_Exercise goal_
I'd like the full listing transcribed exactly, with no images included.

_Listed entries_
------------------------------------------------------------------------
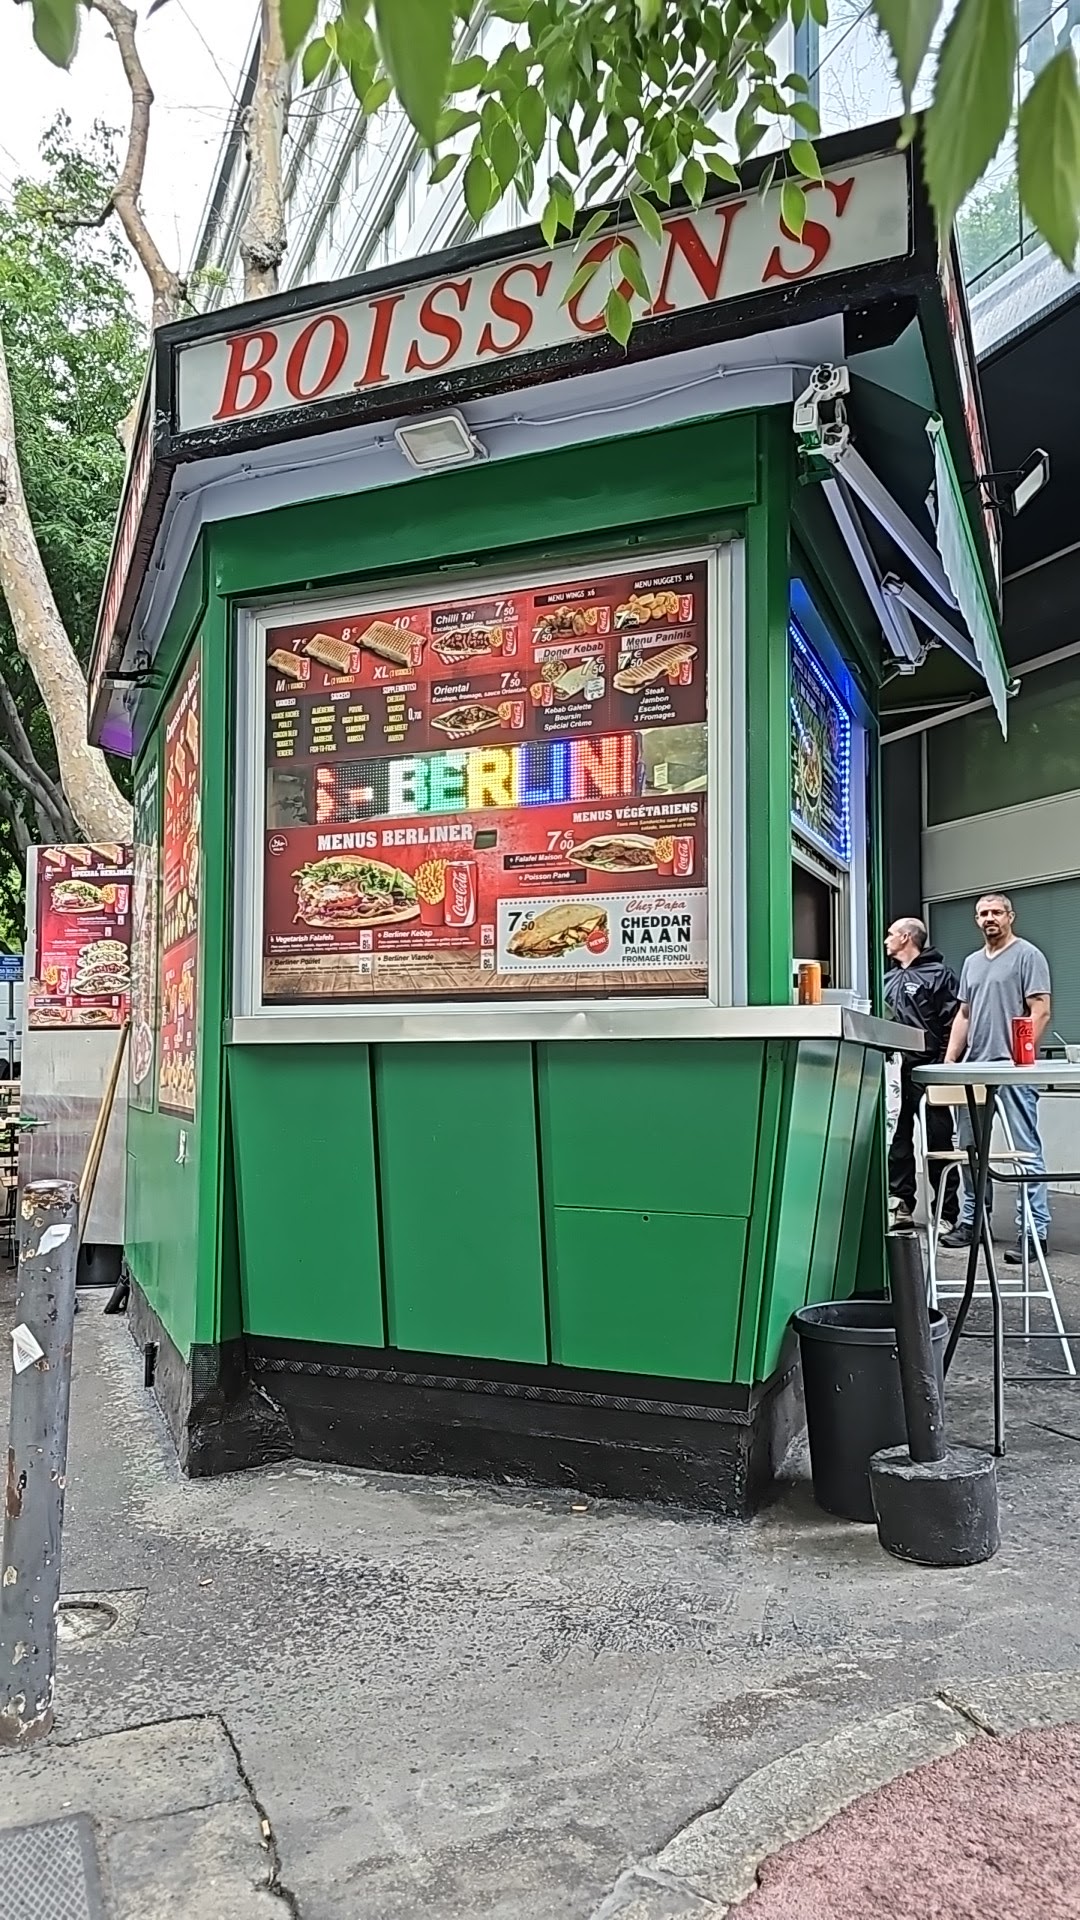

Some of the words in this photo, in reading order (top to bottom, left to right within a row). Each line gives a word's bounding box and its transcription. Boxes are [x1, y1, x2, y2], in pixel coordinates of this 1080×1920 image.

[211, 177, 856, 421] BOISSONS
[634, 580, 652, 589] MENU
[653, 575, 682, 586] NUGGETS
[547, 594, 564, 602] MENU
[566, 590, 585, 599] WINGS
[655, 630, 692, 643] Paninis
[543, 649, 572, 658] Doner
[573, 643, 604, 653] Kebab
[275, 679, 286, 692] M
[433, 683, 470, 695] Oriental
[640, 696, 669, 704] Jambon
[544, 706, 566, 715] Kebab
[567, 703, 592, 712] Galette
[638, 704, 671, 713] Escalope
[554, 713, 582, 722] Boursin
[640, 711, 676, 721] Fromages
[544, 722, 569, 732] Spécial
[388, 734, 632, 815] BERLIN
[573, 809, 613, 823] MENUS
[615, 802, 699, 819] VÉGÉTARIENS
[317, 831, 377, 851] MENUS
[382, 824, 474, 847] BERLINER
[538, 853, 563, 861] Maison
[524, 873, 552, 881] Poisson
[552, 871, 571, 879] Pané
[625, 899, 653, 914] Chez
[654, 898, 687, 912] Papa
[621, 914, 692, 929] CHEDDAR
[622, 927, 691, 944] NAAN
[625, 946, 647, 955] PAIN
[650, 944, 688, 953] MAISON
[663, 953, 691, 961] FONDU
------------------------------------------------------------------------
_Expected answer_
Some of the words in this photo, in reading order (top to bottom, left to right within a row). Each line gives a word's bounding box and its transcription. Boxes are [x1, y1, x2, y2], in pixel coordinates of this 1080×1920 image.

[211, 177, 856, 421] BOISSONS
[634, 580, 652, 589] MENU
[653, 575, 682, 586] NUGGETS
[547, 594, 564, 602] MENU
[566, 590, 585, 599] WINGS
[655, 630, 692, 643] Paninis
[543, 649, 572, 658] Doner
[573, 643, 604, 653] Kebab
[275, 679, 286, 692] M
[433, 683, 470, 695] Oriental
[640, 696, 669, 704] Jambon
[544, 706, 566, 715] Kebab
[567, 703, 592, 712] Galette
[638, 704, 671, 713] Escalope
[554, 713, 582, 722] Boursin
[640, 711, 676, 721] Fromages
[544, 722, 569, 732] Spécial
[388, 734, 632, 815] BERLIN
[573, 809, 613, 823] MENUS
[615, 802, 699, 819] VÉGÉTARIENS
[317, 831, 377, 851] MENUS
[382, 824, 474, 847] BERLINER
[538, 853, 563, 861] Maison
[524, 873, 552, 881] Poisson
[552, 871, 571, 879] Pané
[625, 899, 653, 914] Chez
[654, 898, 687, 912] Papa
[621, 914, 692, 929] CHEDDAR
[622, 927, 691, 944] NAAN
[625, 946, 647, 955] PAIN
[650, 944, 688, 953] MAISON
[663, 953, 691, 961] FONDU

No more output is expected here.